Pagó Mario la carga de gasolina y arrancaron rumbo al poniente; el sol estaba arriba del cerro de Peñas.
Entraron al Vado de San Pedro y visitaron tres tiendas, luego llegaron a Peñas y surtieron otras tantas entregas; tomaron la carretera internacional, pasaron El Tamarindo y llegaron a su destino. En efecto, a escasos metros de la entrada, al lado derecho, estaba una casa de ladrillos sin enjarre, con una fresca ramada de lámina de asbesto y palmas de cocotero; varias mesas de madera con cuatro sillas cada una, y la música de una rocola que se confundía con el barullo de los parroquianos que abarrotaban el lugar. El olor a pescado frito hacía una cordial invitación a Bravonel.
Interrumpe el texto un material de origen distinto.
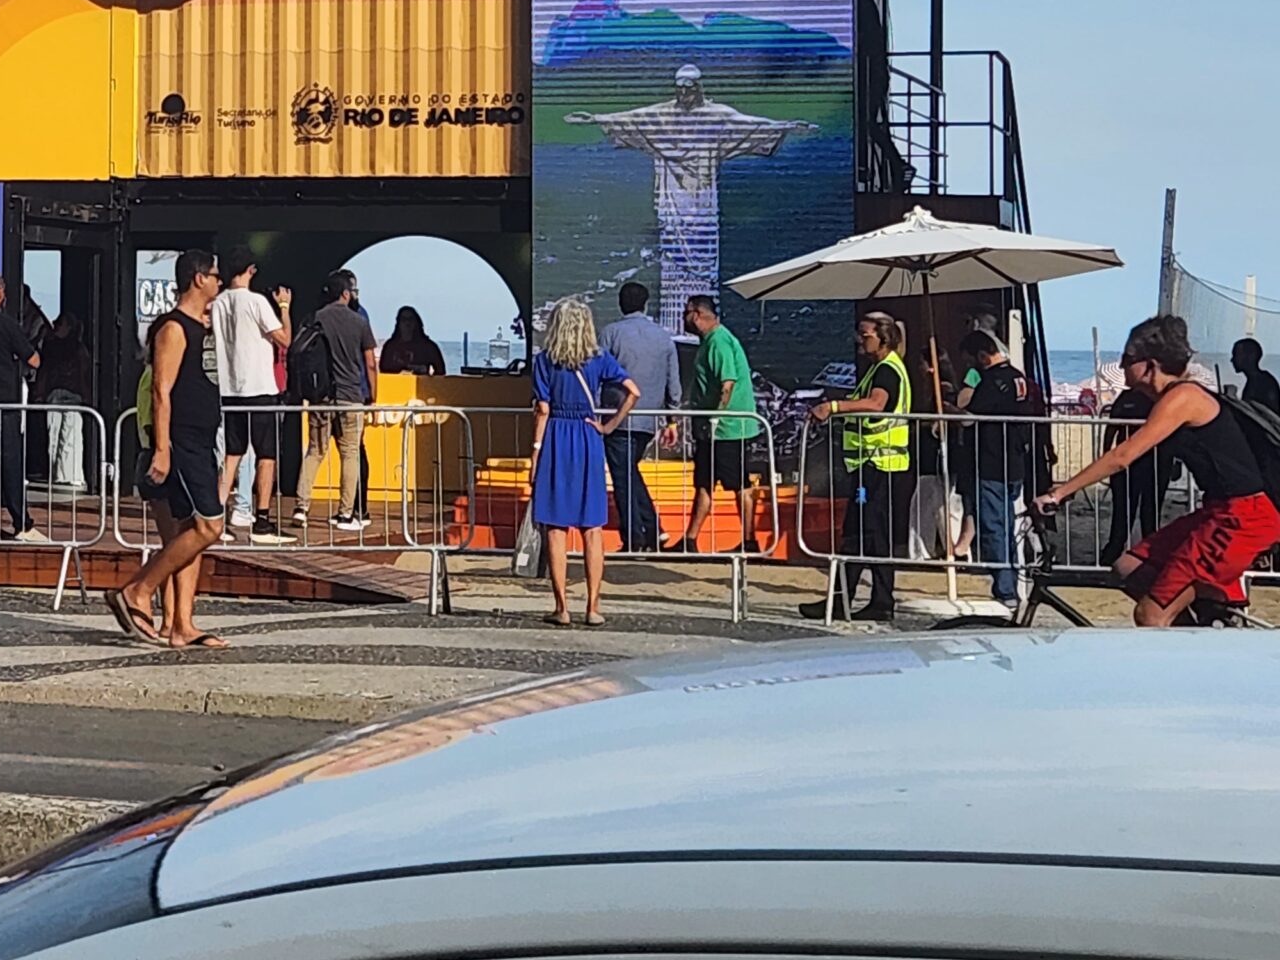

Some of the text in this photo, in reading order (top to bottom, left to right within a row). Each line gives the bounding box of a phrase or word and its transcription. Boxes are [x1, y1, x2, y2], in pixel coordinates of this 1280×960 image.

[343, 93, 525, 106] GOVERNO DO ESTADO
[344, 107, 525, 128] RIO DE JANEIRO
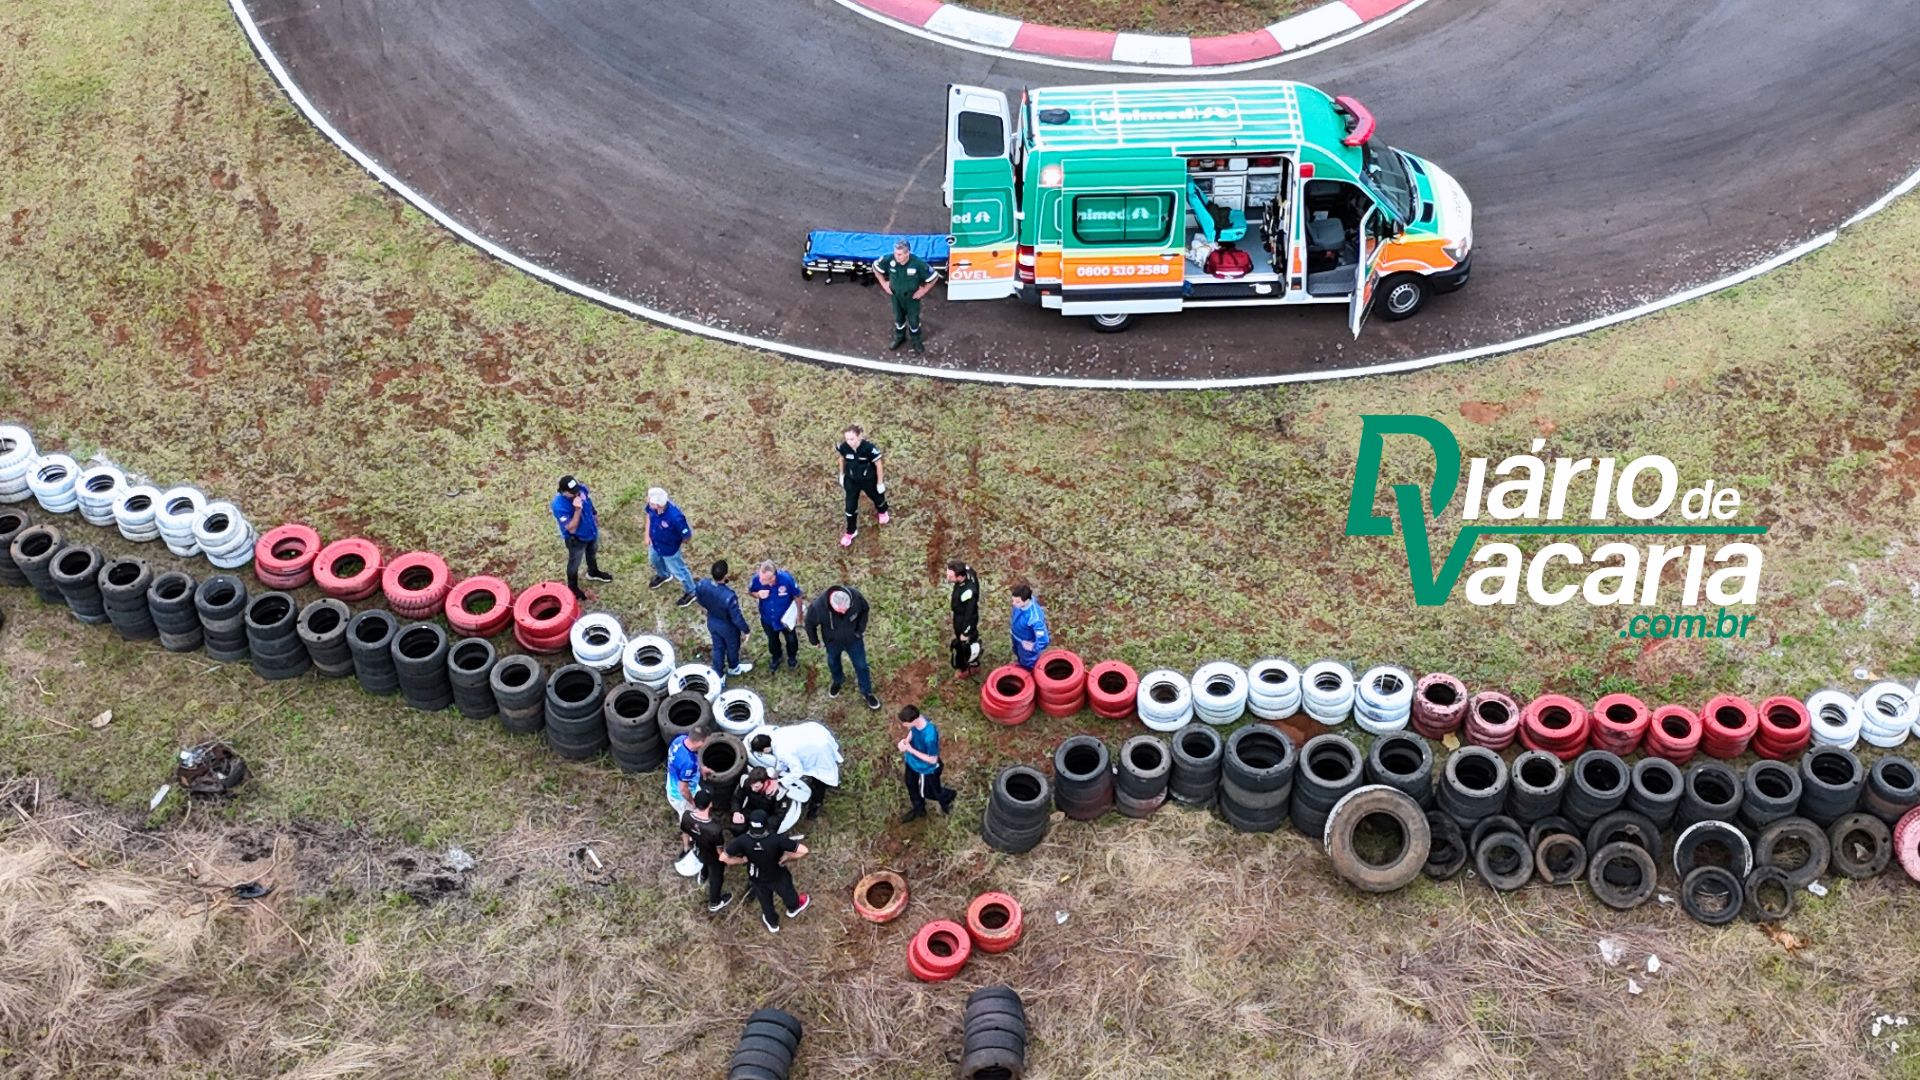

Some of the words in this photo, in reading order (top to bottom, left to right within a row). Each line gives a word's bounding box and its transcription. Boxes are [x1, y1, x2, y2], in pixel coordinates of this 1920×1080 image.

[1076, 266, 1111, 278] 0800
[1112, 265, 1136, 277] 510
[1136, 264, 1170, 276] 2588
-¡Ira, vale! Yo voy a tardar buen rato en hacer las entregas. Espérame aquí ¡y en cuanto me desocupe llego por ti!
-¡Tá bueno, aquí te espero! -contestó Bravonel, mientras se dirigía a la fresca sombra.
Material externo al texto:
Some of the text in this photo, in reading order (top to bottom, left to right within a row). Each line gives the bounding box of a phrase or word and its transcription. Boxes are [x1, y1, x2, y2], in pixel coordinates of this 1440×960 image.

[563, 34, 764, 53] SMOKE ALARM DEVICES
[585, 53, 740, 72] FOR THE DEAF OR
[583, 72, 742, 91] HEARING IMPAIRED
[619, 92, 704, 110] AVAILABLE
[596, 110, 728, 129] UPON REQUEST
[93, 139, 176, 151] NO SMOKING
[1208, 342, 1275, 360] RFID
Al momento se acercó el mesero, que amablemente le ofreció una silla y le preguntó qué deseaba tomar. El acalorado visitante pidió una cerveza que ya venía en camino. Un hombre como de cuarenta años le saludaba de la mesa vecina; lo acompañaba una señora de más o menos la misma edad y una joven como de veinte años.
-¡Salud! -dijo el señor, mientras levantaba su cerveza en señal de brindis. La señora y la joven hicieron lo mismo.
El cantinero llegó con otra cerveza y un plato de camarones cocidos y otro con trozos de pescado frito, en eso el señor de sombrero se levantó y se dirigió hacia la mesa de Bravonel, llegó y le extendió la mano en un saludo tan efusivo que Bravonel sintió que lo sacudía.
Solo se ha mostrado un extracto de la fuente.